С подражания жизни начался театр. Внимание акте­ра, автора во все времена театра устремлено было всег­да именно на эту сторону. В первую очередь — на эту сторону. Это рождало множество вопросов: какой жиз­ненный материал достоин драматической обработки, а какой считается низменным? Какой дышит правдой, а ка­кой неубедителен? В какой мере театр должен захваты­вать жизненные краски для того, чтобы оставаться теат­ром, а не романом или повестью? Что такое психологизм, натурализм и другие «измы»?

Попробуем разобраться в том, с чем мы встречаемся на каждом шагу в репетициях, в подготовительной рабо­те. Во-первых: резкое различие между жизненным и жи­тейским. Во-вторых: это житейское надо понимать не как бытовое. Говорю так вовсе не из желания обесценить этот материал. Быт, если его брать как главнейшую задачу, конечно, приводит к так называемому натурализму, то есть к изображению жизни без социального подхода. Но быт во все времена был, по-моему, есть и будет одной из привлекательнейших сторон в искусстве. Я даже плохо себе представляю, как можно получить полноценное ра­достное впечатление от театра без того, чтобы со сцены не веяло тем, что называется бытом. И всякий из нас легко припомнит множество театральных впечатлений, где нас радовало меткое актерское использование быто­вых черточек.

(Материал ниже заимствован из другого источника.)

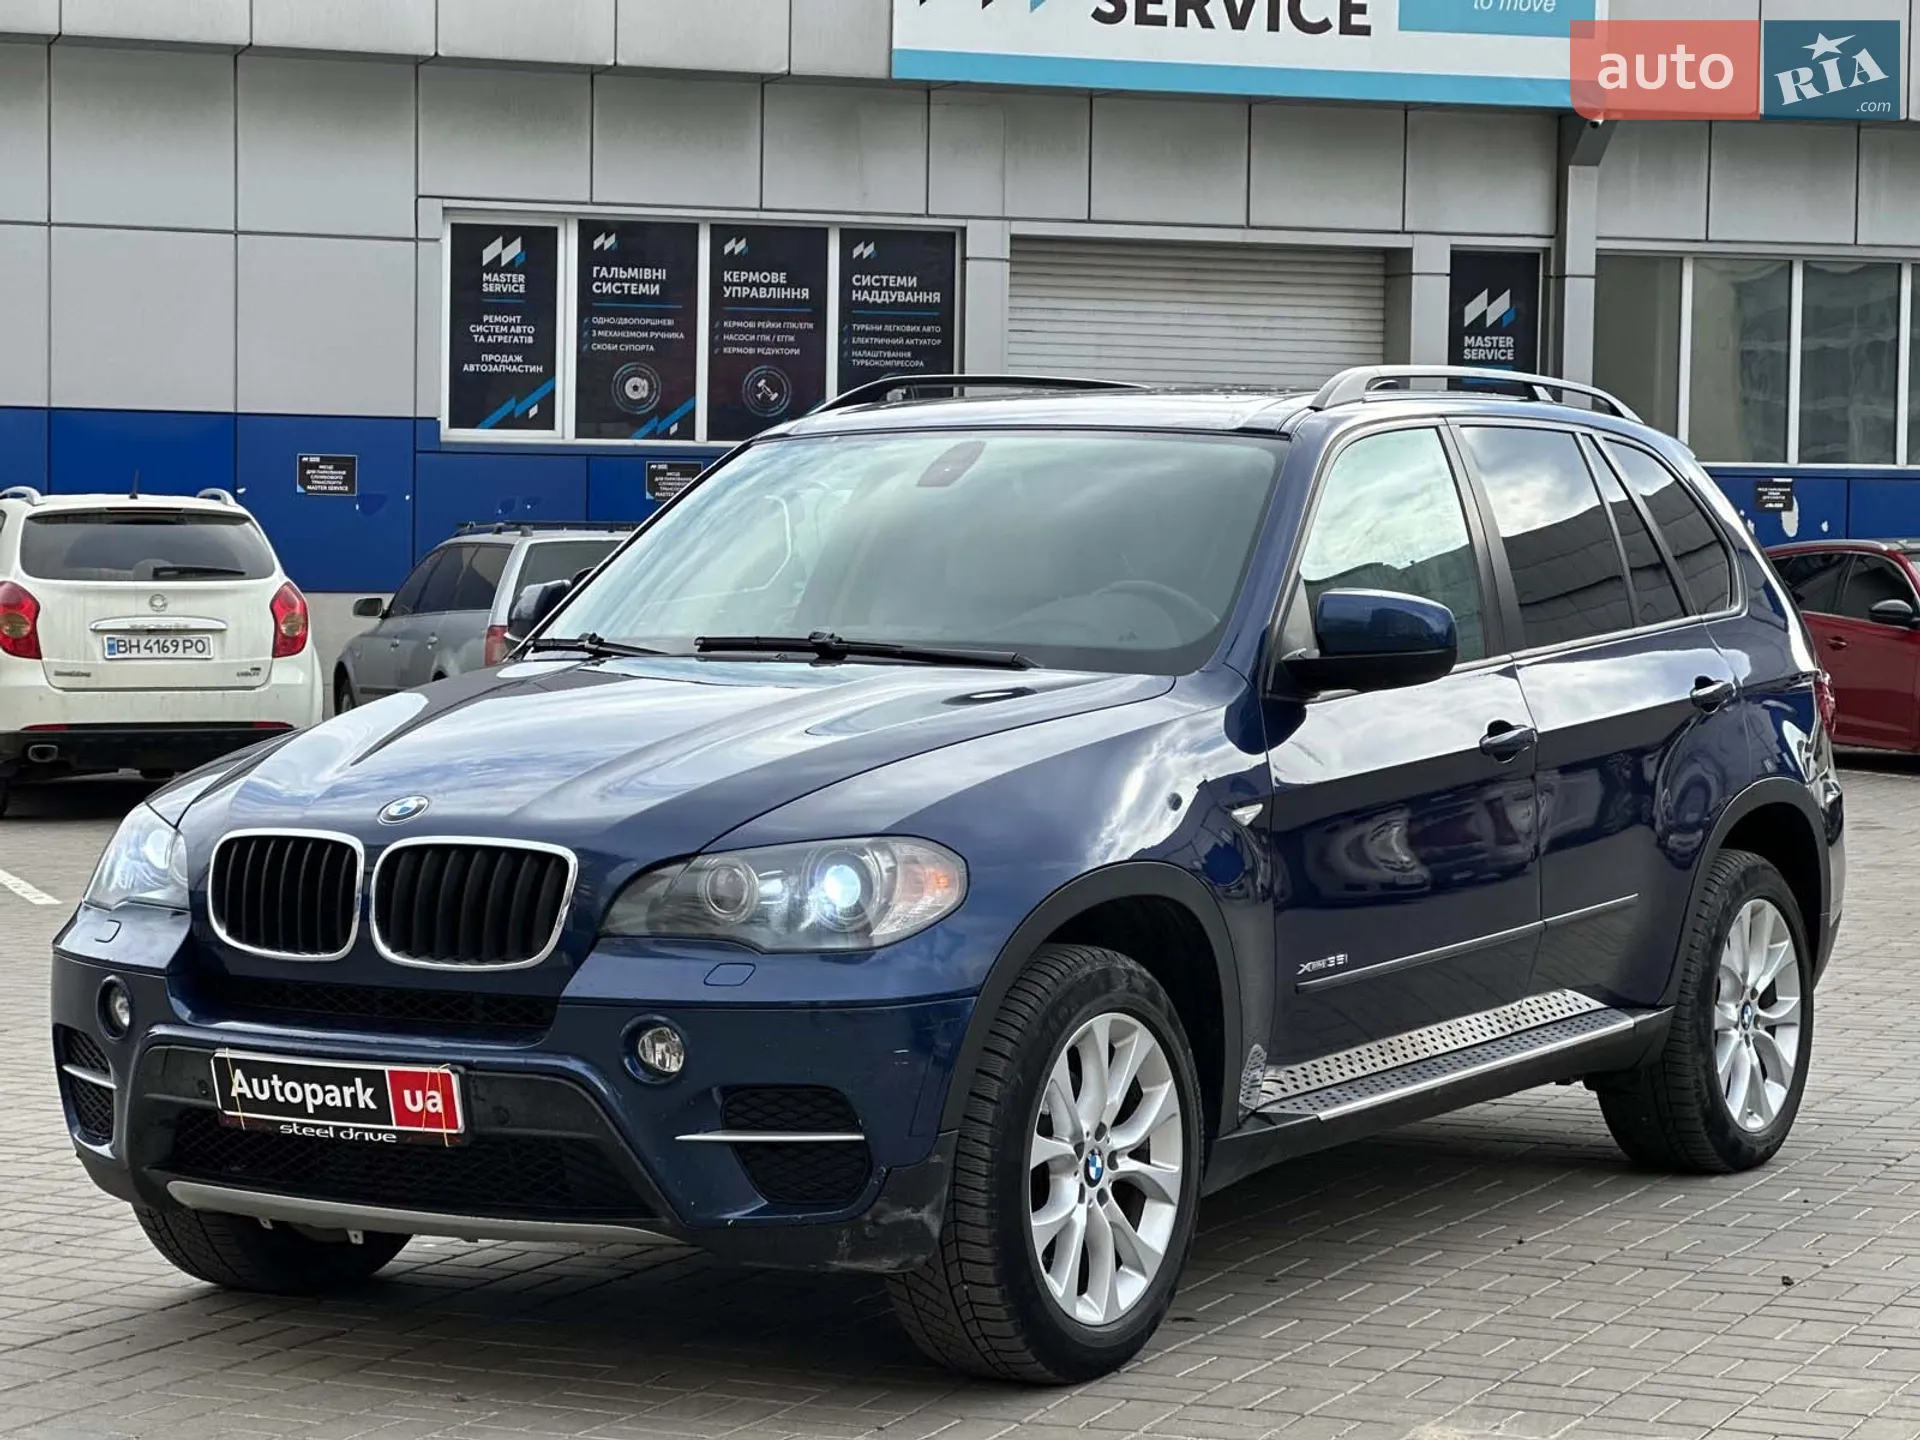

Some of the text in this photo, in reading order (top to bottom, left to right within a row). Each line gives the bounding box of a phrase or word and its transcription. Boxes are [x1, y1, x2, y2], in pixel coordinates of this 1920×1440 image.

[482, 273, 525, 283] MASTER
[592, 266, 667, 280] ГАЛЬМІВНІ
[723, 271, 787, 283] КЕРМОВЕ
[852, 274, 917, 287] СИСТЕМИ
[482, 283, 526, 293] SERVICE
[592, 282, 660, 295] СИСТЕМИ
[723, 286, 809, 299] УПРАВЛІННЯ
[852, 289, 941, 304] НАДДУВАННЯ
[483, 315, 522, 323] РЕМОНТ
[469, 324, 535, 334] СИСТЕМ АВТО
[473, 334, 534, 344] ТА АГРЕГАТІВ
[1464, 336, 1514, 348] MASTER
[481, 354, 523, 363] ПРОДАЖ
[1463, 348, 1515, 360] SERVICE
[463, 364, 543, 373] АВТОЗАПЧАСТИН
[117, 639, 206, 654] BH 4169 PO
[231, 1069, 377, 1114] Autopark
[403, 1090, 444, 1113] ua
[280, 1122, 397, 1143] steel drive

Такой театр, как Театр сатиры, можно ска­зать безошибочно, только и держится именно на этом метком, ловком, умном охватывании житейских мелочей. И пренебрежительно относиться к этому, гордо оттал­кивать— вовсе не значит быть на высоте искусства. Но когда драматург, театр, актер на этом и останавливают­ся, ограничиваются той художественной радостью, ко­торую они приносят, изображая быт,— это, конечно, зна­чит, что они снижают значение театра до бесполезности, до пустой забавы. Жизненное содержит в себе житейское только как неисчерпаемое богатство подробностей, как частичные краски, которые помогают приблизить важ-

нейшее содержание к зрителю, придать важному больше убедительности. Жизненное можно было бы лучше всего определить как правду, человеческую правду. Отсюда психология, психофизика, бури человеческих страстей, столкновения этих страстей в сюжете, содержащем дра­матический конфликт. Следовательно, это область, боль­ше всего захватывавшая великих драматургов, поэтов всех стран и веков, начиная с древнейшей драматургии две тысячи лет тому назад. И так как эта область совер­шенно неисчерпаема, и так как она является основой всей жизни, всех гражданских, семейных, общественных взаимоотношений, то понятны и вечные споры о том, что такое настоящая жизненная правда.

Московский Художественный театр очень усиленно обвиняли в так называемом психологизме — в том, что психология ставилась в его работах на самое первейшее место в ущерб не только социальности, но и театрально­сти. Может быть, в этих обвинениях была частица спра­ведливости. Но по временам некоторые нападки настоль­ко обострялись, что доводили почти до нуля необходи­мость психологии. Для меня лично без психологических импульсов, без психологических толчков нет театрально­го искусства. В какой мере надо психологией пользовать­ся— это уже зависит от вкуса, от гармонии всех частей.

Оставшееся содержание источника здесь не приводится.